While a mini-trial may be an attractive option in order to avoid the trappings of a full trial, the court should not assume that process will be more efficient. A mini-trial may result in a finding that there persists a genuine issue for trial, necessitating a further hearing, additional delay in the disposition of the case, and further burdens on the system: Catholic Children's Aid Society of Toronto v. A.M., 2016 ONCJ 700, at paras. 94-95.
4.2 Application with respect to spousal support
[49] The father argues that the relief sought by the mother, “spousal support based on the actual 2019 and 2020 income of the parties until May 1, 2020 and the midpoint of the SSAGs,” is already granted by the final order of Justice Mendes dated December 17, 2019. The father argues that the proper course of action would have been a motion on consent to seek the change once the income disclosures had been made, and if the SSAG midpoint no longer indicates $0 payable. The father submits there is no genuine issue for trial, because if the mother provides accurate notices of assessment, then spousal support will be adjusted on consent.

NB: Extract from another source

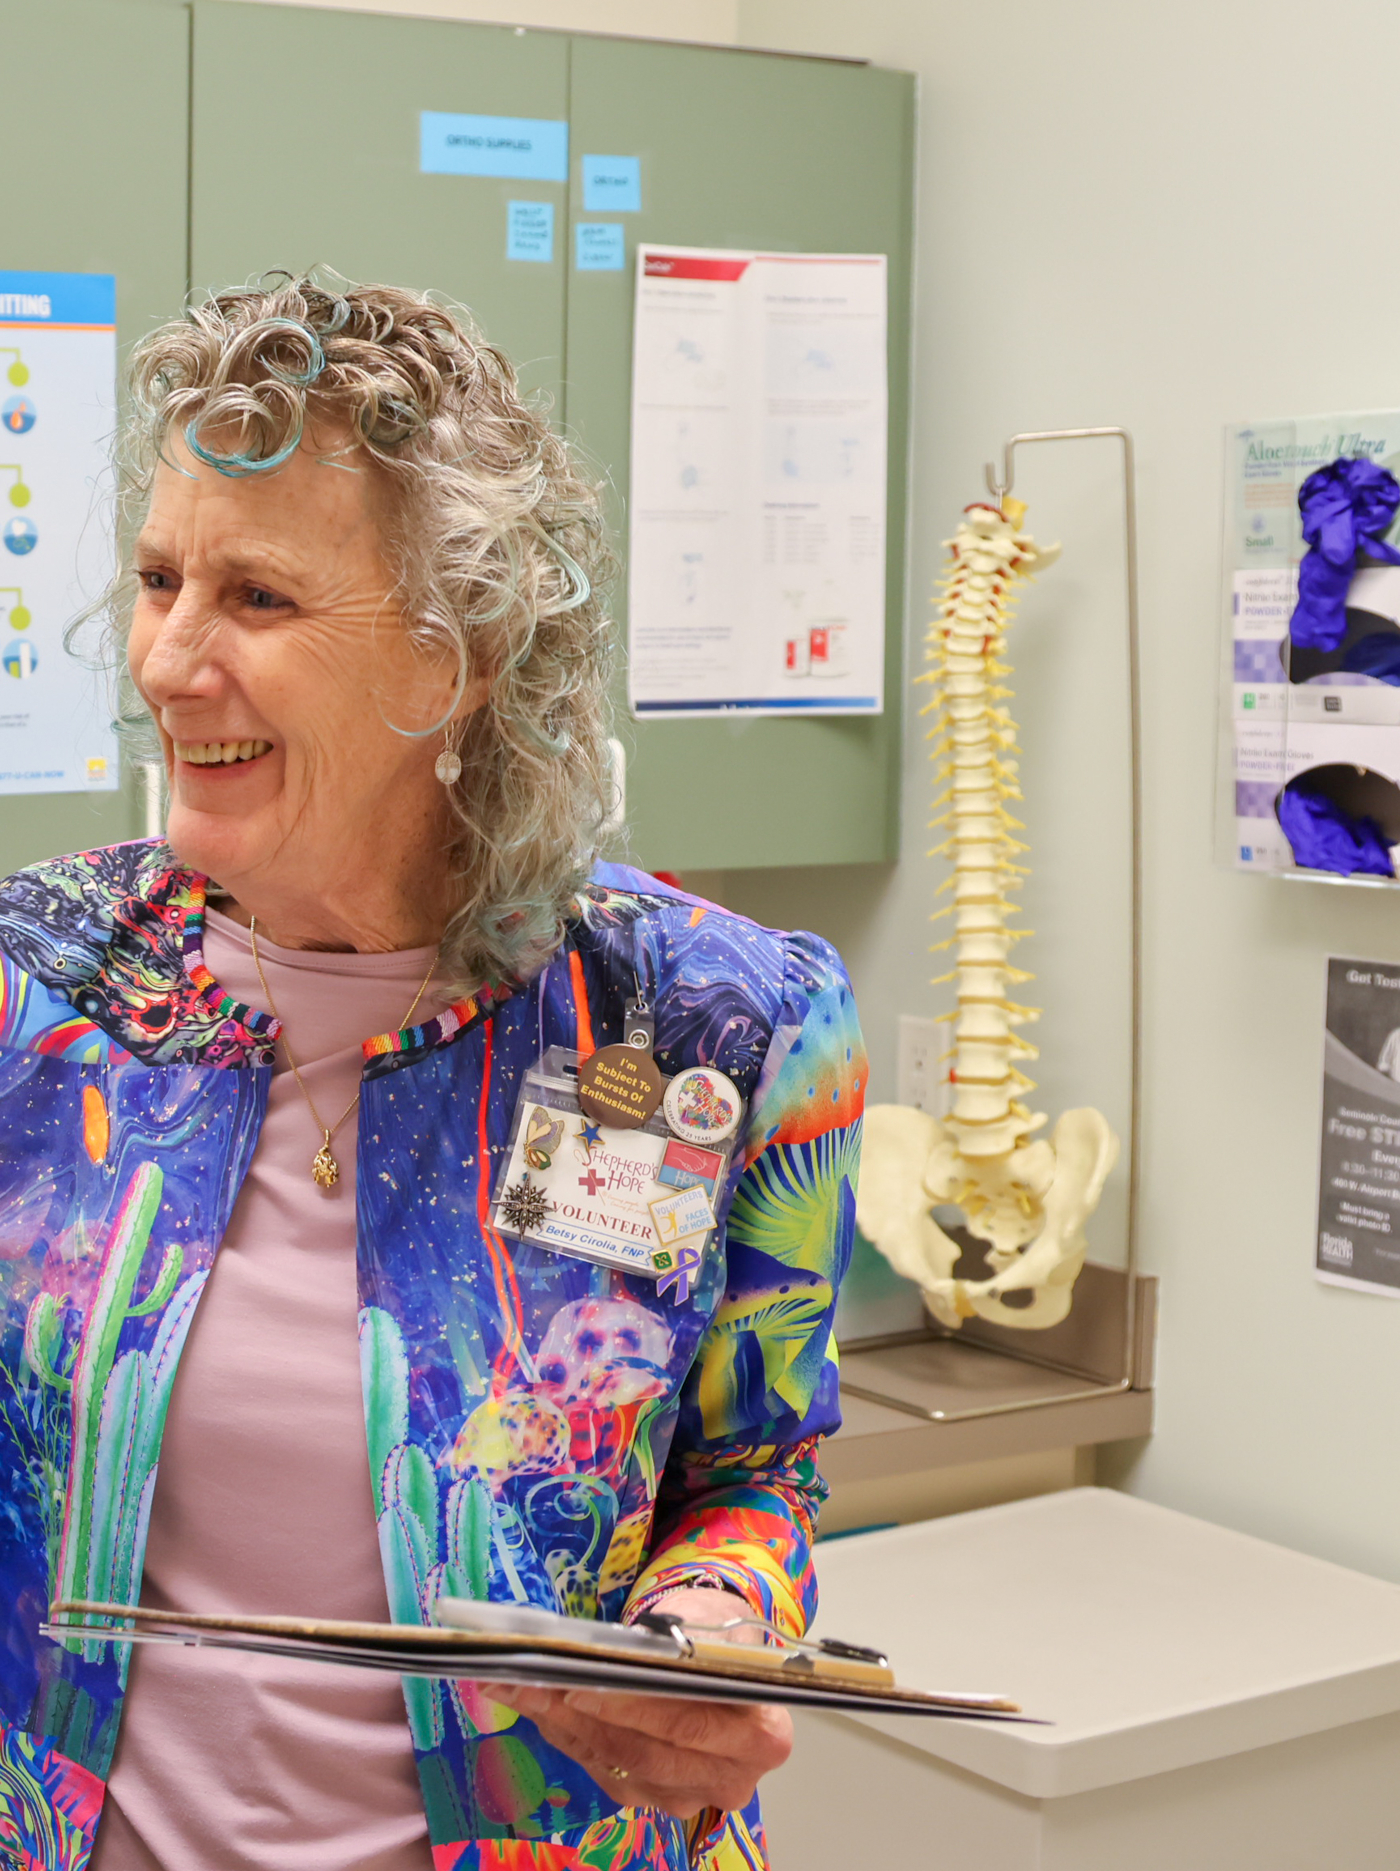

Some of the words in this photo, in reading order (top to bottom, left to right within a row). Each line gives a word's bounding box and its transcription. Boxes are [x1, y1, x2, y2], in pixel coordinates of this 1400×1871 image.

[50] The mother, in her factum dated March 29, 2023, indicated that she was still awaiting her notices of reassessment in order to address the issues of her income. It is unclear whether that has since been made available.
[51] In any event, it is not clear to the court that—whatever the state of disclosure with respect to the mother’s 2019 and 2020 income—the parties will agree as to the accuracy of the documentation. The father explains, at para. 37 of his factum, his various concerns with the mother’s income tax returns, including that she has not reported RESP withdrawals accurately, has not reported spousal support income accurately, and has misreported her marital status. It appears that the parties agree that the spousal support ought to be adjusted retroactively to account for the parties’ actual incomes. But the court cannot conclude that the matter will simply resolve itself on a consent basis given the very real possibility that the parties will continue to disagree about the mother’s actual income in the relevant years. The court cannot order summary judgment on the basis that the issue will very probably resolve.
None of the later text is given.